Um dos gaúchos mais famosos da época, Lindolfo Collor, que também foi o primeiro ministro do Trabalho do Brasil, produziu um manifesto acusando Flores da Cunha de traição. Eis um trecho do manifesto: “Foi na terra que tem a lealdade por emblema e erige o cumprimento da palavra empenhada no mais elementar dos deveres de honra, foi no Rio Grande do Sul que o crime se consumou. O Rio Grande faltou à sua palavra”.
O interventor federal gaúcho Flores da Cunha, terceiro da esquerda para a direita
Outro estado que na hora “H” virou-se contra São Paulo foi Minas Gerais. Mesmo prometendo neutralidade, Minas formou fileiras ao lado de Getúlio, e permitiu que seu território, que faz divisa com São Paulo ao sul e ao oeste, fosse usado pelas tropas federais de Vargas no combate aos paulistas.
Mesmo assim, a população de Minas Gerais, principalmente ao sul, esteve solidária aos paulistas. A cidade sul-mineira de Ouro Fino foi a primeira a aderir oficialmente à causa paulista. No dia 10 de julho, o prefeito da cidade lançou um manifesto público convidando a população para apoiar a causa constitucionalista de São Paulo.
O lema da população sul-mineira era: “Tudo por São Paulo”. Um velho fazendeiro se expressou dessa forma na ocasião: “Tudo quanto possuímos, desde a panela de alumínio até os sapatos, vem de São Paulo. Qualquer mercadoria é de origem paulista. Podemos nós marchar contra o verdadeiro Brasil? Ele tem recursos inesgotáveis, possui fábricas, maravilhosa rede de estrada de ferro, inúmeras estradas de rodagem, comércio florescente e inigualável, lavoura de primeira, cultura super, civismo, valor! Contra um estado nessas condições é impossível guerrear. Podem mandar tropas à-vontade, pois os paulistas vencerão fatalmente. A História ensina que os povos mais civilizados são os que vencem e dominam”.

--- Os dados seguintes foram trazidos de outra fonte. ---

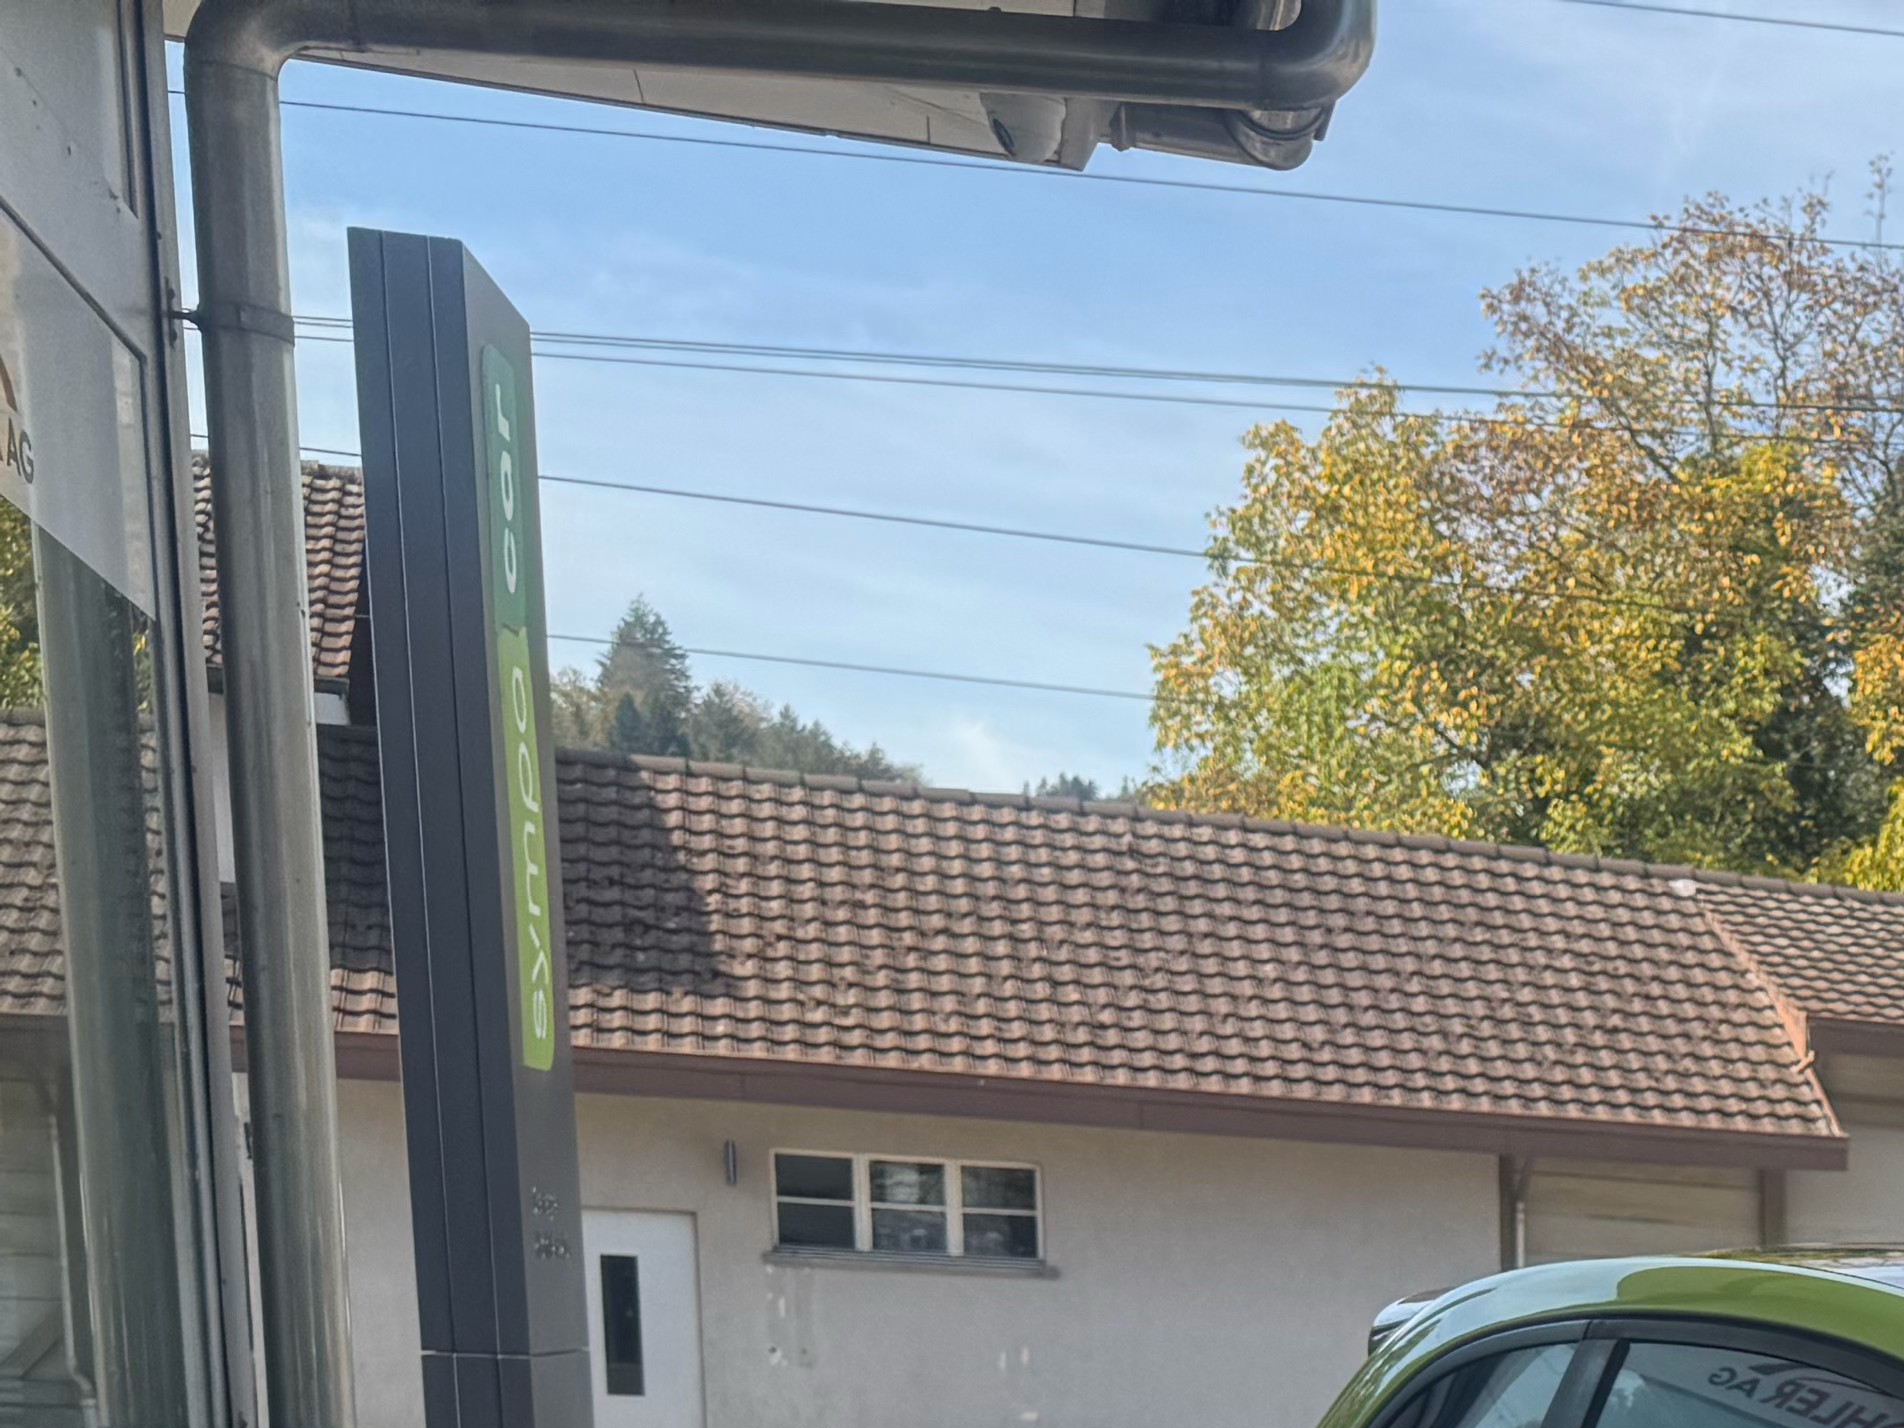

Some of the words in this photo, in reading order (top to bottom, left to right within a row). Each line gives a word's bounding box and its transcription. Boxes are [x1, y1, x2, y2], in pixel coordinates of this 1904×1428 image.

[6, 416, 35, 485] AG
[495, 383, 517, 595] car
[511, 665, 549, 1042] sympa

Na edição do jornal Folha da Noite, que circulou em 23 de julho de 1932, foi publicado o seguinte texto: “Os paulistas poderão avaliar a sinceridade do povo mineiro através do que passo a dizer. Em todas as estações, esquinas e casas comerciais foram fixados boletins assinados pelo sr. Olegário Maciel que, dizendo-se autorizado pelo governo central, convidava os prefeitos de todas as cidades a iniciarem o alistamento de 20 mil voluntários otimamente pagos, bem fardados, armados e com donativo no fim da campanha. Passada a primeira semana, notou-se uma coisa maravilhosa: nem um único homem se apresentou para ser “bem fardado, municiado, pago e premiado”. Desolados, os prefeitos mandaram arrancar a circular presidencial. Varginha, que é uma das maiores cidades mineiras, recebeu com verdadeira repulsa a ordem de Olegário Maciel”.
Mesmo sem o apoio oficial dos governos de Minas Gerais e do Rio Grande do Sul, que ficaram ao lado de Vargas, São Paulo, mesmo traído e sozinho, deu prosseguimento à revolta que acabou se configurando como o maior conflito armado entre brasileiros ocorrido em todo o século 20.

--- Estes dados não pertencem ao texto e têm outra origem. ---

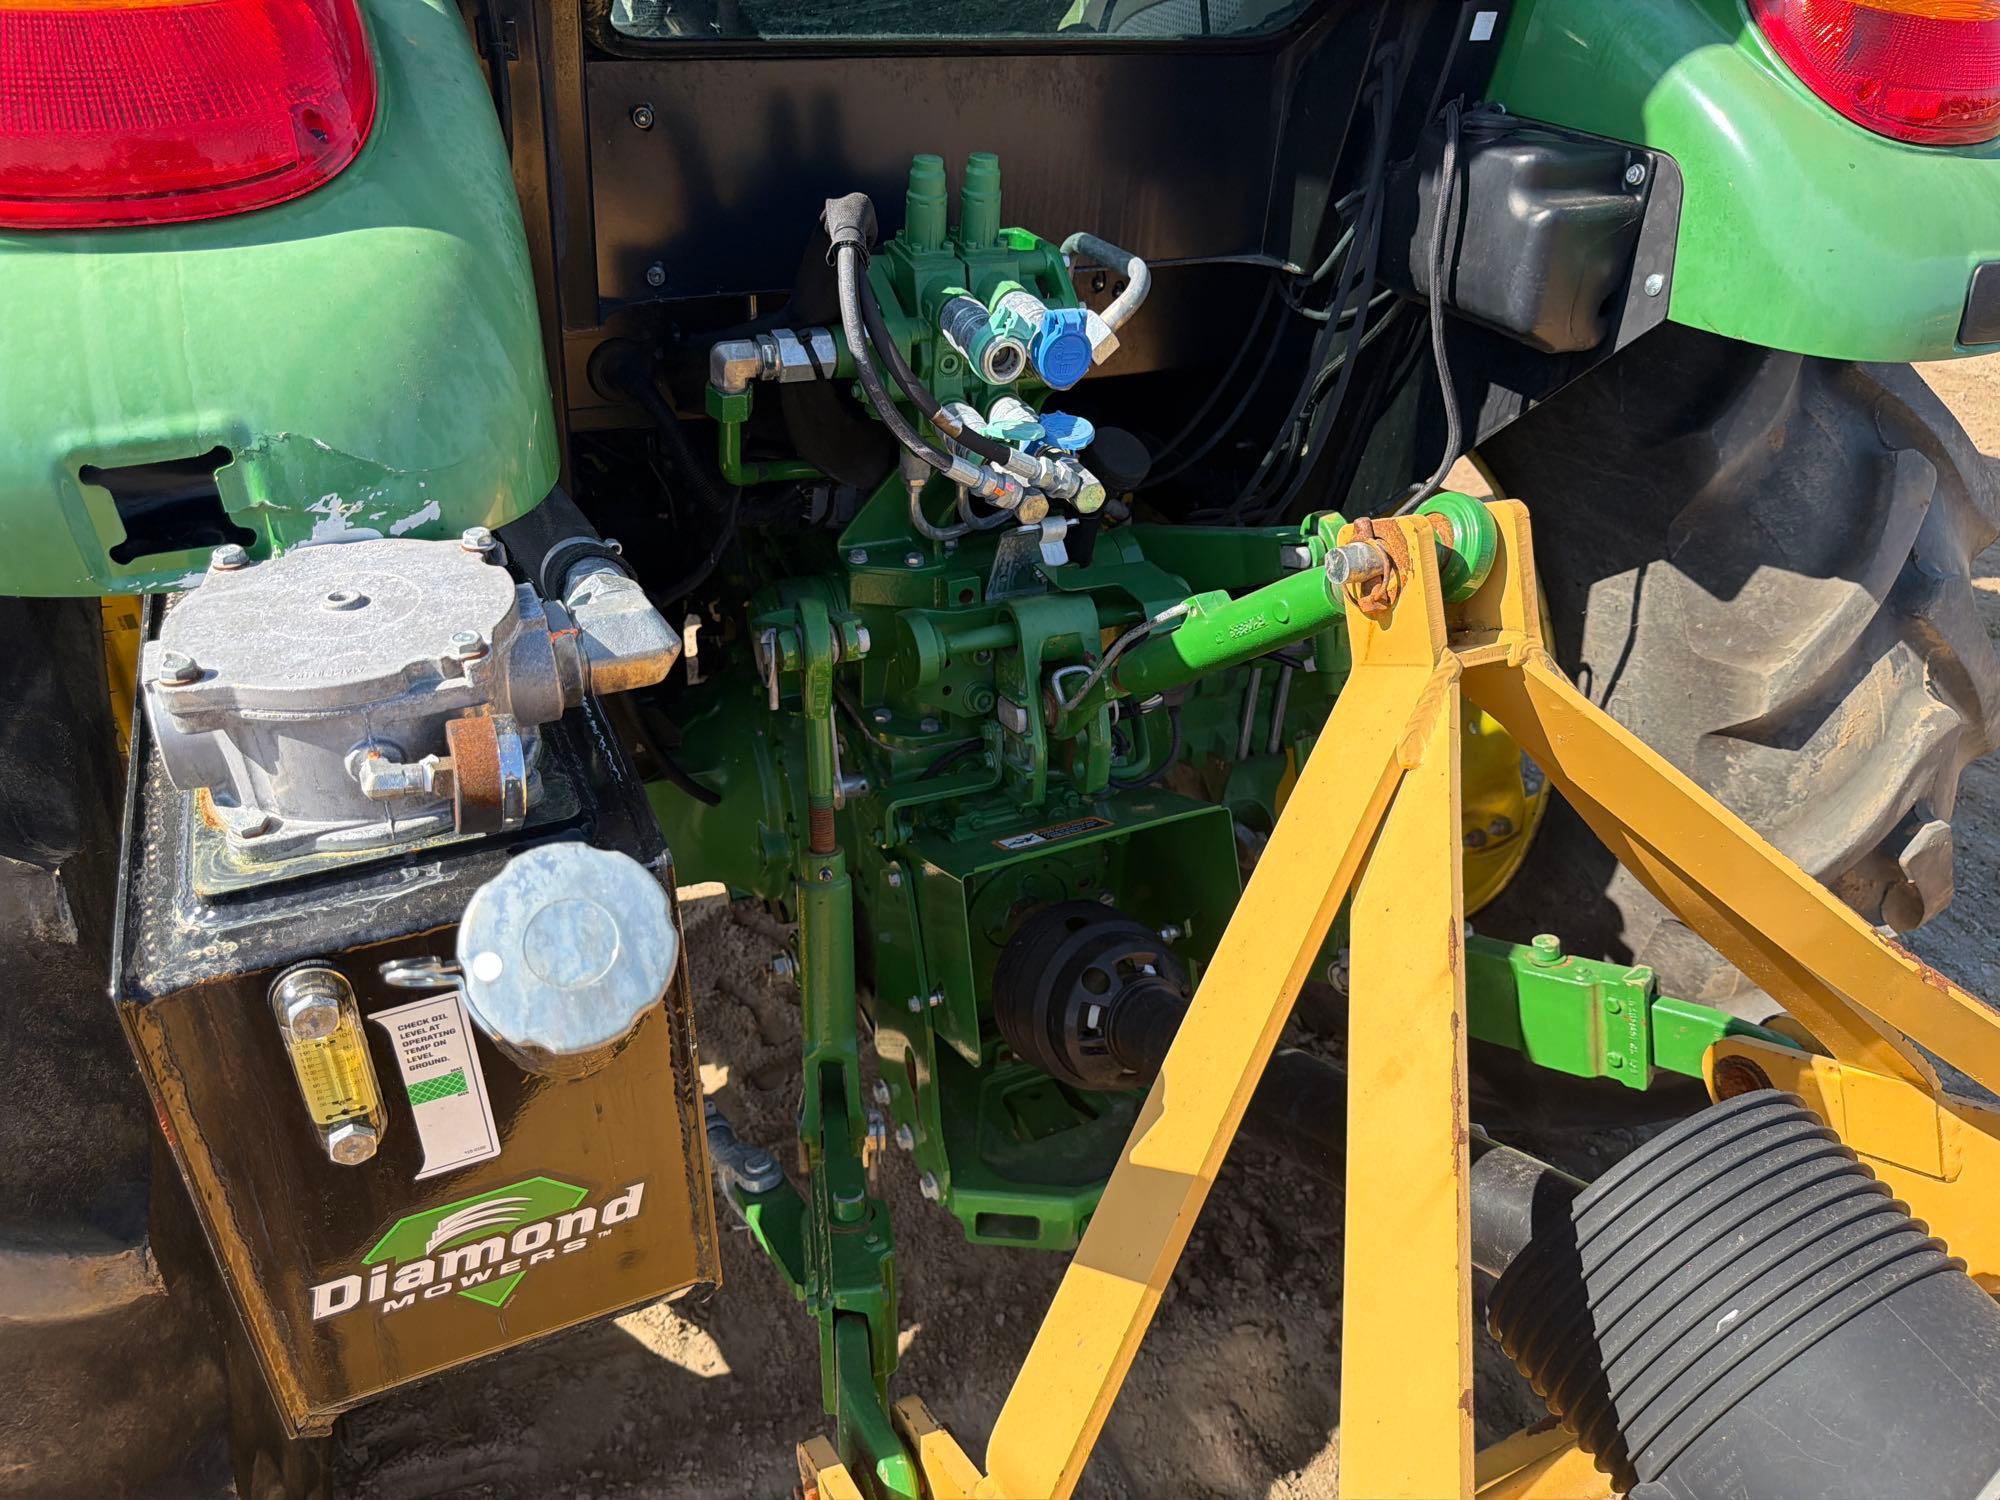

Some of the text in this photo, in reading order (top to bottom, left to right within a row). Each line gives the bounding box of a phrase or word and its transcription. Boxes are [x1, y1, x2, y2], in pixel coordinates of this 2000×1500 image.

[397, 1013, 449, 1032] CHECK OIL
[399, 1024, 441, 1040] LEVEL AT
[402, 1027, 457, 1048] OPERATING
[404, 1039, 447, 1056] TEMP ON
[406, 1052, 434, 1064] LEVEL
[408, 1056, 451, 1072] GROUND.
[309, 1182, 645, 1321] Diamond
[383, 1237, 588, 1313] MOWERS

O General Bertholdo Klinger, mesmo afastado do Exército, chegou à capital paulista no dia 11 de julho para assumir o comando das tropas revolucionárias constitucionalistas. Klinger foi recebido calorosamente pela multidão, e discursos foram proferidos. O grande orador da causa constitucionalista, Ibrahim Nobre, falou na ocasião da recepção do general Bertholdo Klinger: “Conduza-nos general. Leve-nos à vitória para que o Brasil possa viver livre e voltar ao trabalho. Nosso movimento é do Brasil católico, disciplinado e forte contra a anarquia que queriam que vivêssemos”.
Apesar de todo o entusiasmo inicial dos paulistas, São Paulo tinha outros problemas além de estar lutando sozinho contra o resto do Brasil pela causa constitucionalista. O exército paulista não possuía grande poder de fogo. Na data do início da revolução, 9 de julho, os paulistas tinham apenas 6 milhões de cartuchos.
Armas usadas pelos paulistas
Os líderes paulistas esperavam um fim rápido para o conflito e não se preocuparam com o treinamento das tropas e com a estocagem de munição. O conflito começou a se mostrar longo e difícil. Era necessário preocupar-se com formas de improviso para compensar as deficiências que começavam a aparecer durante a guerra.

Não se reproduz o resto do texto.